> [Information]:
※ ※ ※

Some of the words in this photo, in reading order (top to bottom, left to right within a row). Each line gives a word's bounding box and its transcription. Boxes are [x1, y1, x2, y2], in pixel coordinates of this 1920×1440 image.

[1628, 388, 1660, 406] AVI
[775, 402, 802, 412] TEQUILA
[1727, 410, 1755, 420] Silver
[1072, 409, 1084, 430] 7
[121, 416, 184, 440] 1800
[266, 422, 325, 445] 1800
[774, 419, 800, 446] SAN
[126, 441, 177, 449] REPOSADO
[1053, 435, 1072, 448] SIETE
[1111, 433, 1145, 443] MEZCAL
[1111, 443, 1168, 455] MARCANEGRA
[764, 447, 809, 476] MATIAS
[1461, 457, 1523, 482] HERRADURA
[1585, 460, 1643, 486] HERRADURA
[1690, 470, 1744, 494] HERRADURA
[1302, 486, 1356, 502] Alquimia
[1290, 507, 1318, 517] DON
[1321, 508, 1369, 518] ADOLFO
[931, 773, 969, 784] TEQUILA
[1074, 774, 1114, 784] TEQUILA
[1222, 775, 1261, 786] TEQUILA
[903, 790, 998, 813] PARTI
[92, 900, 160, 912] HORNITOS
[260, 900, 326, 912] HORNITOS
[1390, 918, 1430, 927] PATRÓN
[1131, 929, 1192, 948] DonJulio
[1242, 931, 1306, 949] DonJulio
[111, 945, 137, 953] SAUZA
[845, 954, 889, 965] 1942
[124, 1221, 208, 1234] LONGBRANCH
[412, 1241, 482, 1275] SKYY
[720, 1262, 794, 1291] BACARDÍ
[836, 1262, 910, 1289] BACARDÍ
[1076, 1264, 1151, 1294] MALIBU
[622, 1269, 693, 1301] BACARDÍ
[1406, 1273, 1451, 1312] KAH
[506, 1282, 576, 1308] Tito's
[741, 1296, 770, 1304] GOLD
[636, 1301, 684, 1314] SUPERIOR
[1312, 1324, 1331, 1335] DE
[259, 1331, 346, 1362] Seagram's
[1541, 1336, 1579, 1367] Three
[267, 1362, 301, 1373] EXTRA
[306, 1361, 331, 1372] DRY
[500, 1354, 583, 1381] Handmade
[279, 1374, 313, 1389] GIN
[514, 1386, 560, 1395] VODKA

※ ※ ※

> [Problem description]: Please transcribe each of the entries, exactly as written.

> [Solution]:
Some of the words in this photo, in reading order (top to bottom, left to right within a row). Each line gives a word's bounding box and its transcription. Boxes are [x1, y1, x2, y2], in pixel coordinates of this 1920×1440 image.

[1628, 388, 1660, 406] AVI
[775, 402, 802, 412] TEQUILA
[1727, 410, 1755, 420] Silver
[1072, 409, 1084, 430] 7
[121, 416, 184, 440] 1800
[266, 422, 325, 445] 1800
[774, 419, 800, 446] SAN
[126, 441, 177, 449] REPOSADO
[1053, 435, 1072, 448] SIETE
[1111, 433, 1145, 443] MEZCAL
[1111, 443, 1168, 455] MARCANEGRA
[764, 447, 809, 476] MATIAS
[1461, 457, 1523, 482] HERRADURA
[1585, 460, 1643, 486] HERRADURA
[1690, 470, 1744, 494] HERRADURA
[1302, 486, 1356, 502] Alquimia
[1290, 507, 1318, 517] DON
[1321, 508, 1369, 518] ADOLFO
[931, 773, 969, 784] TEQUILA
[1074, 774, 1114, 784] TEQUILA
[1222, 775, 1261, 786] TEQUILA
[903, 790, 998, 813] PARTI
[92, 900, 160, 912] HORNITOS
[260, 900, 326, 912] HORNITOS
[1390, 918, 1430, 927] PATRÓN
[1131, 929, 1192, 948] DonJulio
[1242, 931, 1306, 949] DonJulio
[111, 945, 137, 953] SAUZA
[845, 954, 889, 965] 1942
[124, 1221, 208, 1234] LONGBRANCH
[412, 1241, 482, 1275] SKYY
[720, 1262, 794, 1291] BACARDÍ
[836, 1262, 910, 1289] BACARDÍ
[1076, 1264, 1151, 1294] MALIBU
[622, 1269, 693, 1301] BACARDÍ
[1406, 1273, 1451, 1312] KAH
[506, 1282, 576, 1308] Tito's
[741, 1296, 770, 1304] GOLD
[636, 1301, 684, 1314] SUPERIOR
[1312, 1324, 1331, 1335] DE
[259, 1331, 346, 1362] Seagram's
[1541, 1336, 1579, 1367] Three
[267, 1362, 301, 1373] EXTRA
[306, 1361, 331, 1372] DRY
[500, 1354, 583, 1381] Handmade
[279, 1374, 313, 1389] GIN
[514, 1386, 560, 1395] VODKA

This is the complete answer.